> Task prompt:
The copy should hold exactly the lines below from the one that contains "this 1728×1152 image." through the one that contains "Some of the text" and nothing else, so no pictures.

*** Opening Records supplied ***

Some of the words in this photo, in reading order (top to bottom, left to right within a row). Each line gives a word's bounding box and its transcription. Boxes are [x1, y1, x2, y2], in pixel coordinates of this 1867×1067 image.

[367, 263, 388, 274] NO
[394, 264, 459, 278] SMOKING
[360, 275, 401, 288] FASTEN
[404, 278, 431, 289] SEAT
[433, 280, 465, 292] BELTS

*** Closing Records supplied ***
*** Opening Records supplied ***

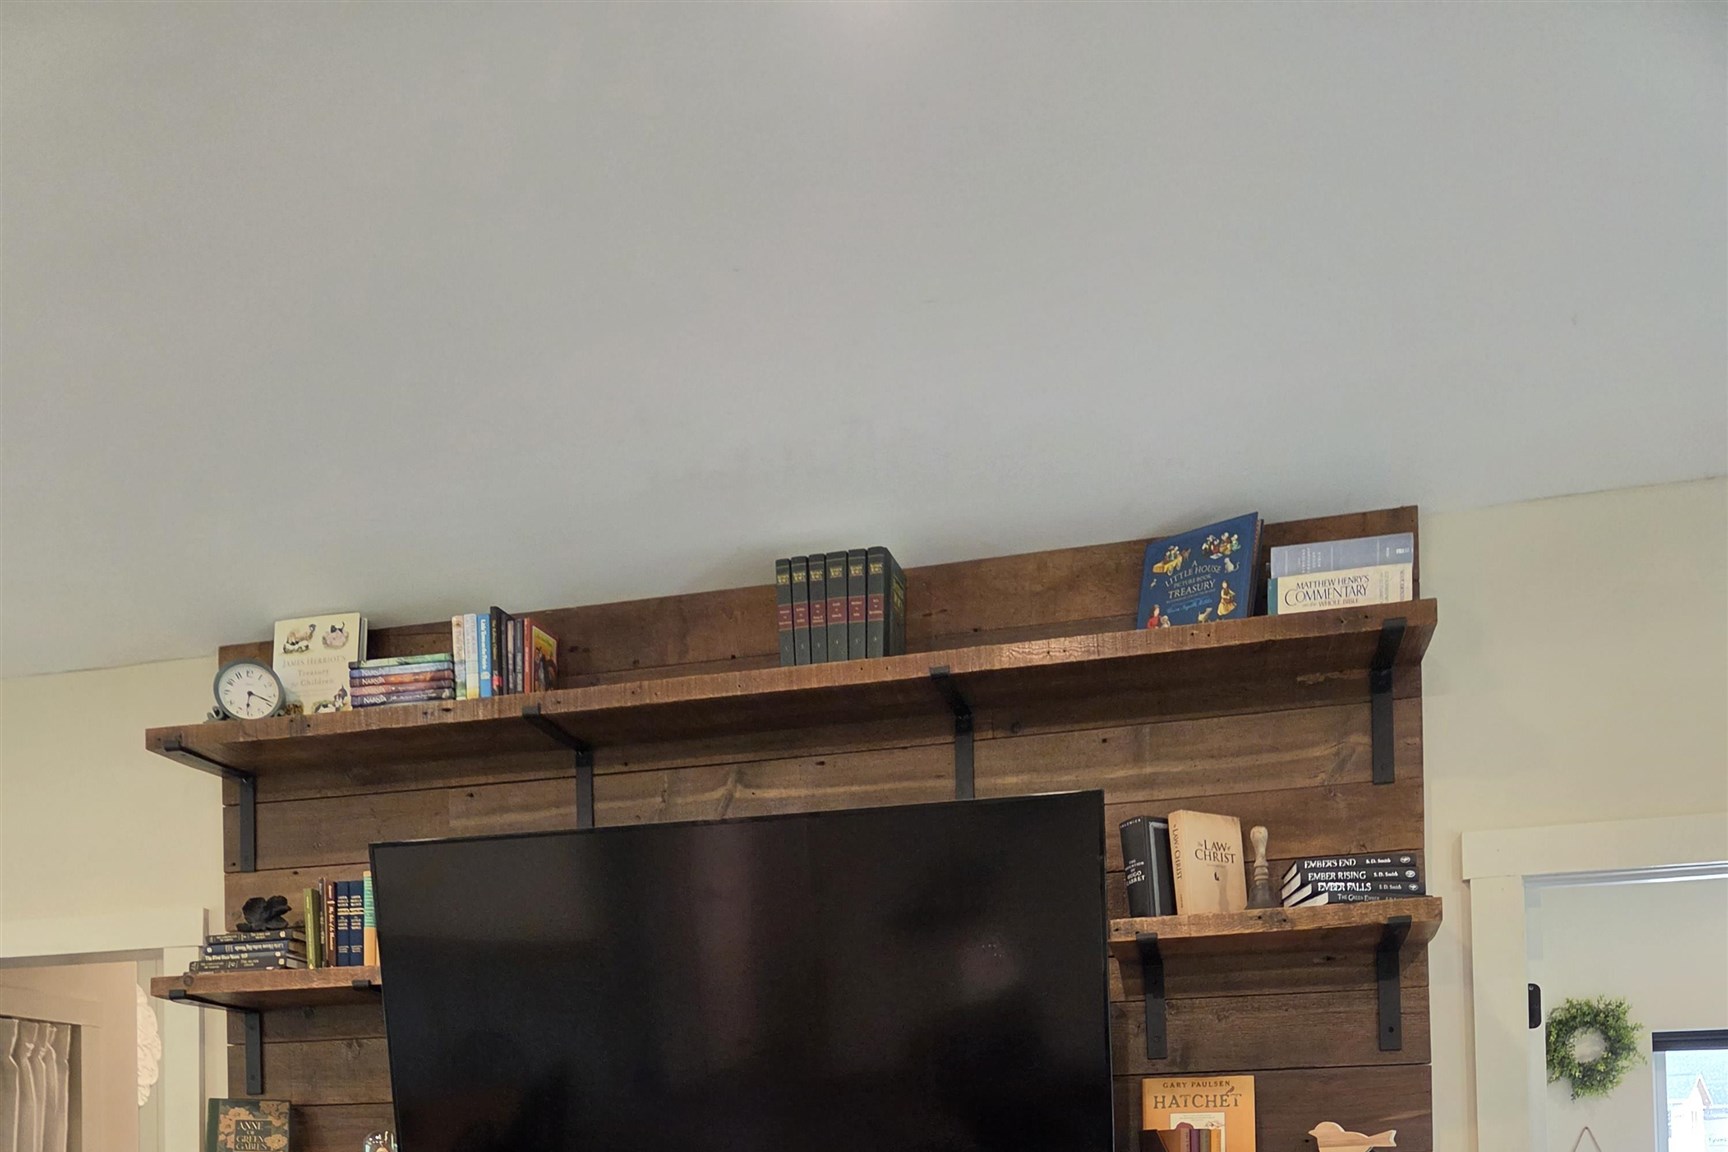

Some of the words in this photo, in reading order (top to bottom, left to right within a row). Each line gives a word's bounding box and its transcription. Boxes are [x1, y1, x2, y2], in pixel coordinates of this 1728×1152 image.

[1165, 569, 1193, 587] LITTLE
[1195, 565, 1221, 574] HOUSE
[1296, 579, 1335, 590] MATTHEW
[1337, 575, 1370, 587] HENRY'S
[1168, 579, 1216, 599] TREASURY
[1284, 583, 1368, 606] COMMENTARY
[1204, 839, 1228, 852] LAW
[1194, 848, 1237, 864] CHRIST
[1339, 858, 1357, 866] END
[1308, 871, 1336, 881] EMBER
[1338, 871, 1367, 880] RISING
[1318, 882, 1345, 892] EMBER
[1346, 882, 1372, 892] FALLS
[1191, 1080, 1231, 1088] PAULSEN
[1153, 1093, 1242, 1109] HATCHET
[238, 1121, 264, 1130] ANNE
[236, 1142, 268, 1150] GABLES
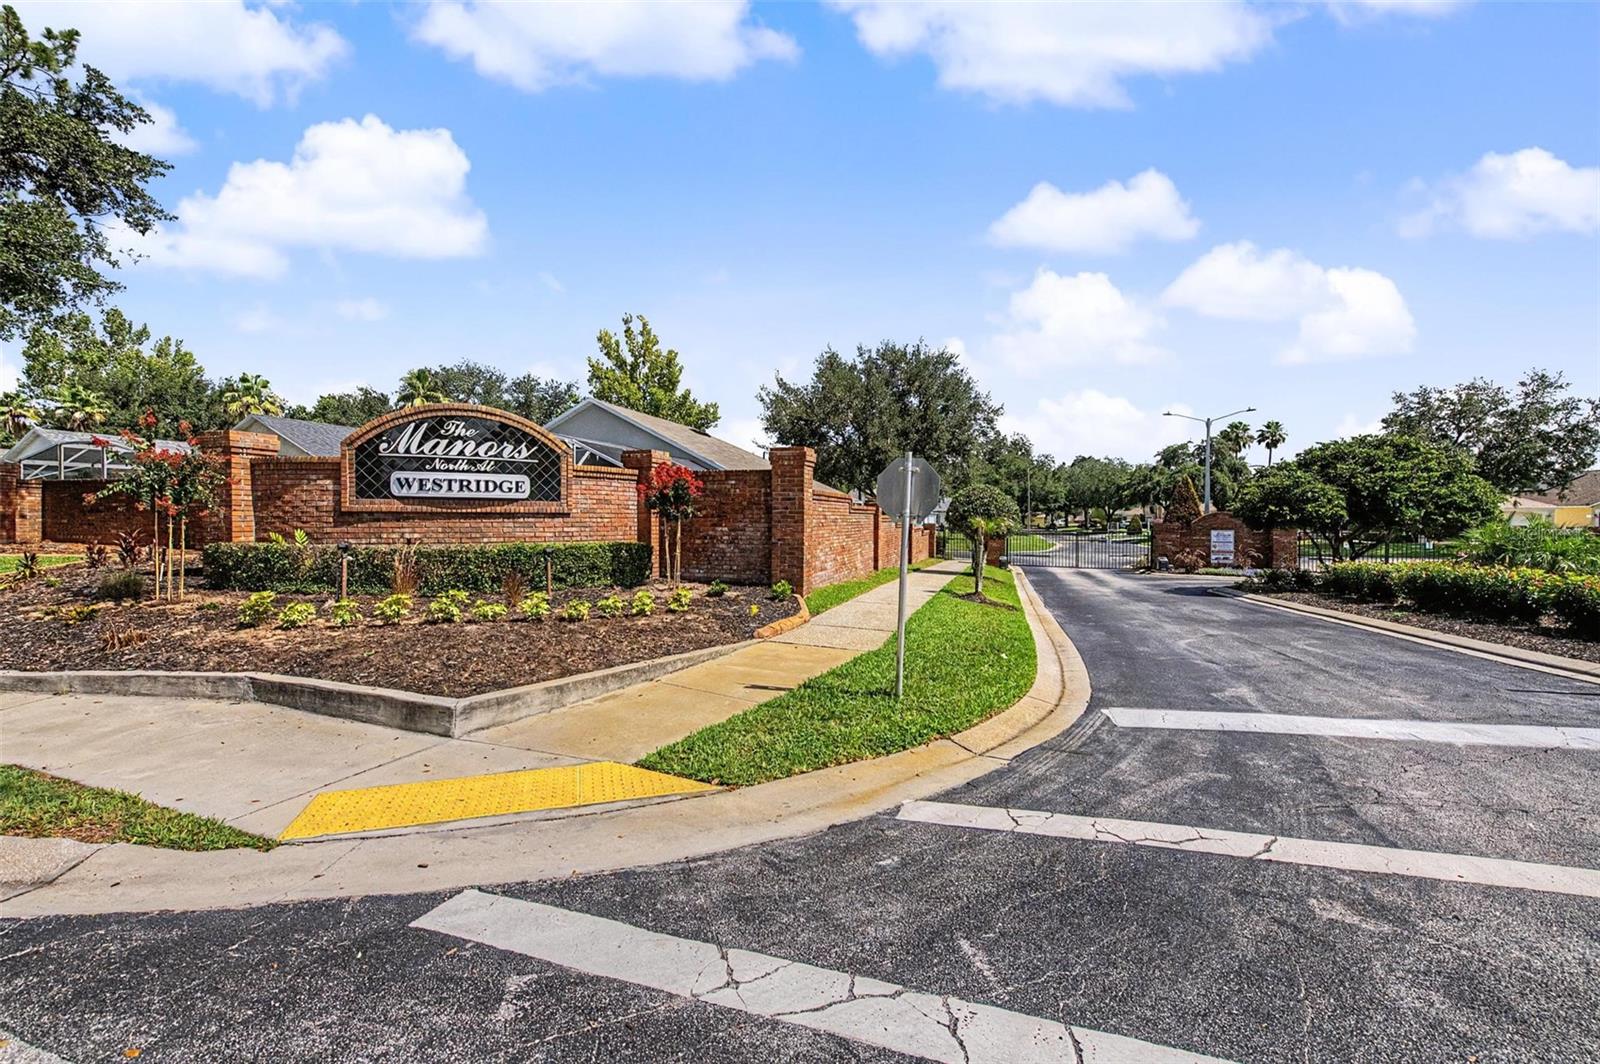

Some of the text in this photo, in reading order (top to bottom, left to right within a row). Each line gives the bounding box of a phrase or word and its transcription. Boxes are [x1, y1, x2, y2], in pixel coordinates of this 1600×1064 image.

*** Closing Records supplied ***
*** Opening Records supplied ***

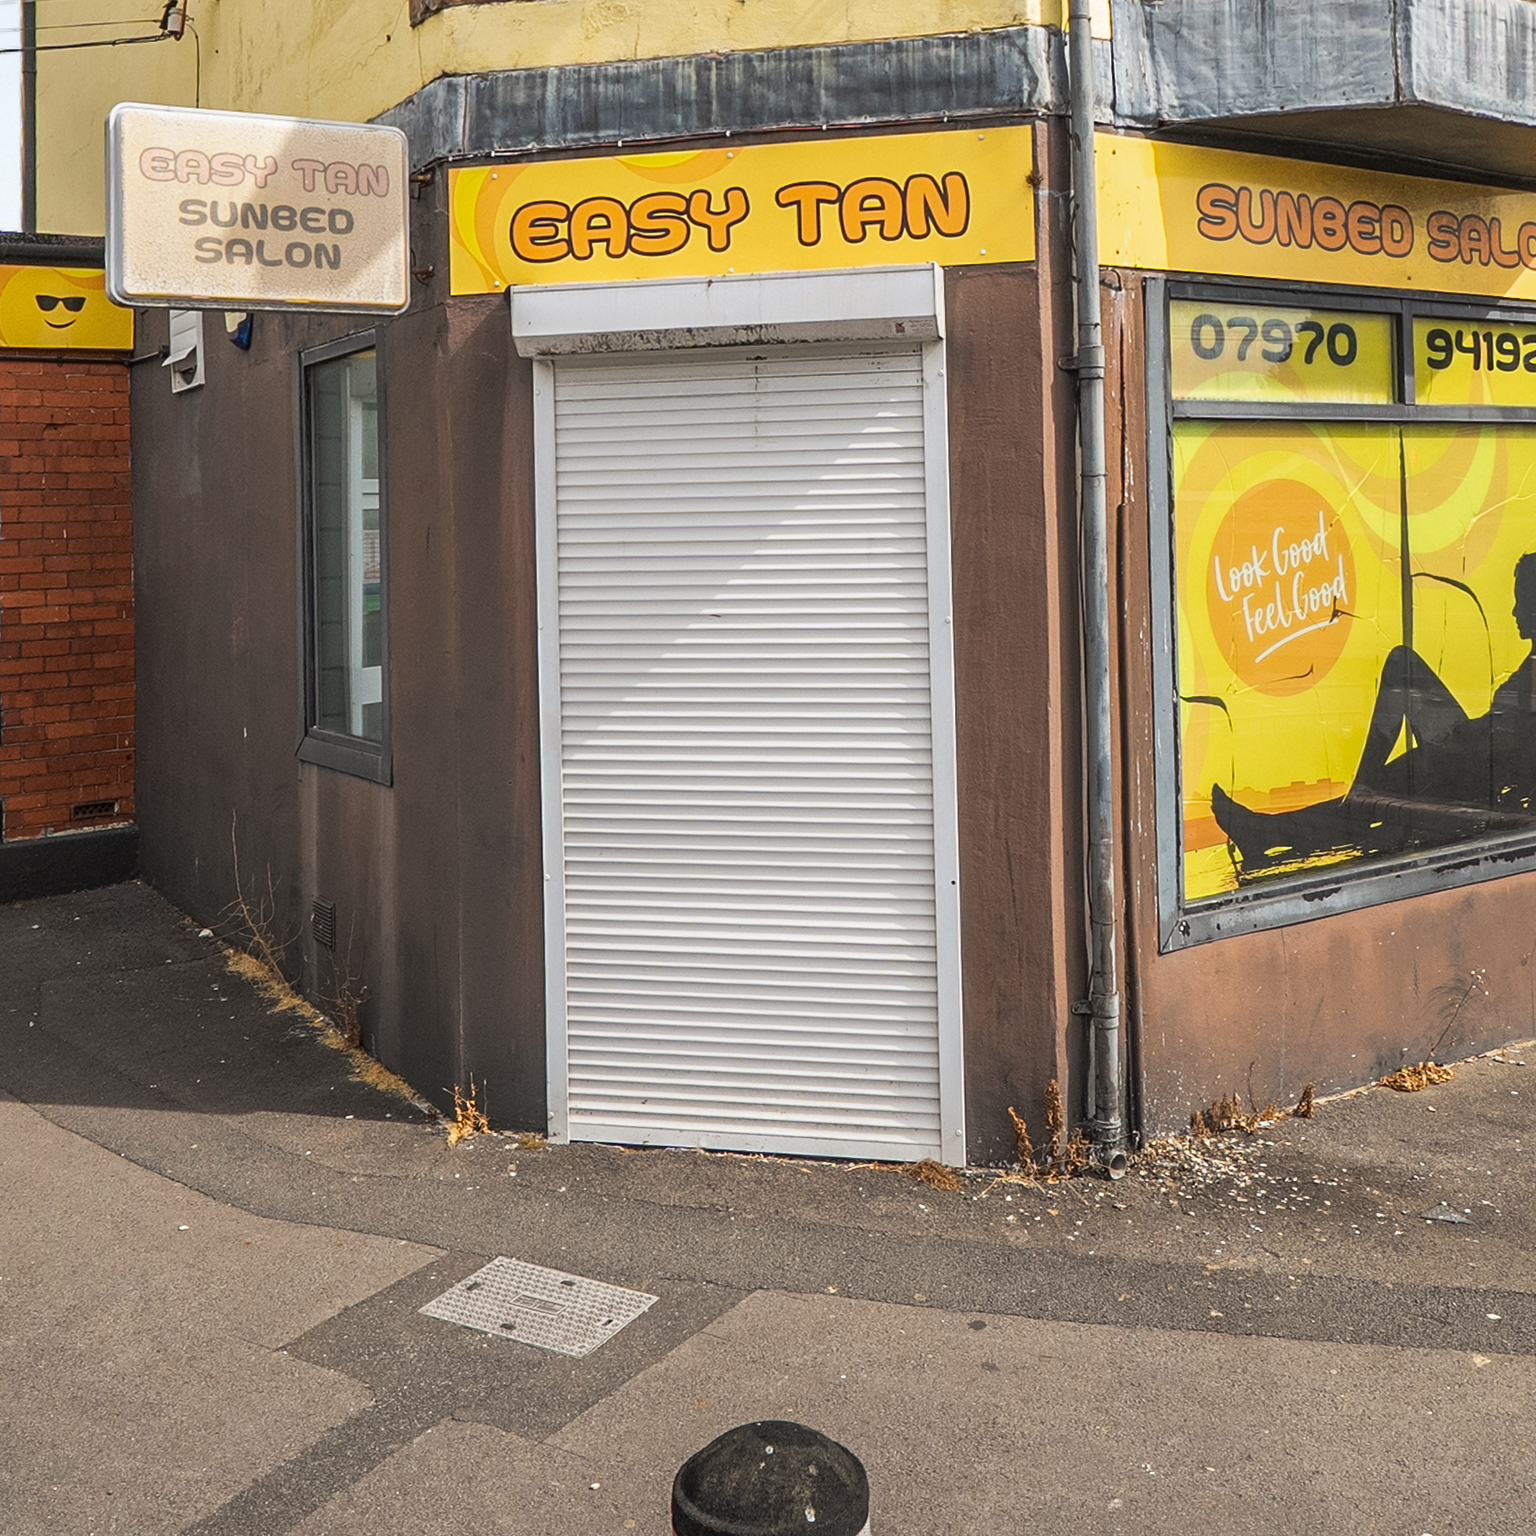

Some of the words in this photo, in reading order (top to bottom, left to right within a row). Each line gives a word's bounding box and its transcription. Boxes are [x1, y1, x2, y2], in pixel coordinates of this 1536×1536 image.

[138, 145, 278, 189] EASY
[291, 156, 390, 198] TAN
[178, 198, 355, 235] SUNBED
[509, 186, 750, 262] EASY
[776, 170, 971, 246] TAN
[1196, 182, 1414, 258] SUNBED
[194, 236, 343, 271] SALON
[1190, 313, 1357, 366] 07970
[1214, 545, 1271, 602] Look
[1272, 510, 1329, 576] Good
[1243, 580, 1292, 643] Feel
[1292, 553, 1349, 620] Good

*** Closing Records supplied ***

> Solution to this problem:
Some of the words in this photo, in reading order (top to bottom, left to right within a row). Each line gives a word's bounding box and its transcription. Boxes are [x1, y1, x2, y2], in pixel coordinates of this 1728×1152 image.

[1165, 569, 1193, 587] LITTLE
[1195, 565, 1221, 574] HOUSE
[1296, 579, 1335, 590] MATTHEW
[1337, 575, 1370, 587] HENRY'S
[1168, 579, 1216, 599] TREASURY
[1284, 583, 1368, 606] COMMENTARY
[1204, 839, 1228, 852] LAW
[1194, 848, 1237, 864] CHRIST
[1339, 858, 1357, 866] END
[1308, 871, 1336, 881] EMBER
[1338, 871, 1367, 880] RISING
[1318, 882, 1345, 892] EMBER
[1346, 882, 1372, 892] FALLS
[1191, 1080, 1231, 1088] PAULSEN
[1153, 1093, 1242, 1109] HATCHET
[238, 1121, 264, 1130] ANNE
[236, 1142, 268, 1150] GABLES

Some of the text in this photo, in reading order (top to bottom, left to right within a row). Each line gives the bounding box of a phrase or word and its transcription. Boxes are [x1, y1, x2, y2], in pixel coordinates of this 1600×1064 image.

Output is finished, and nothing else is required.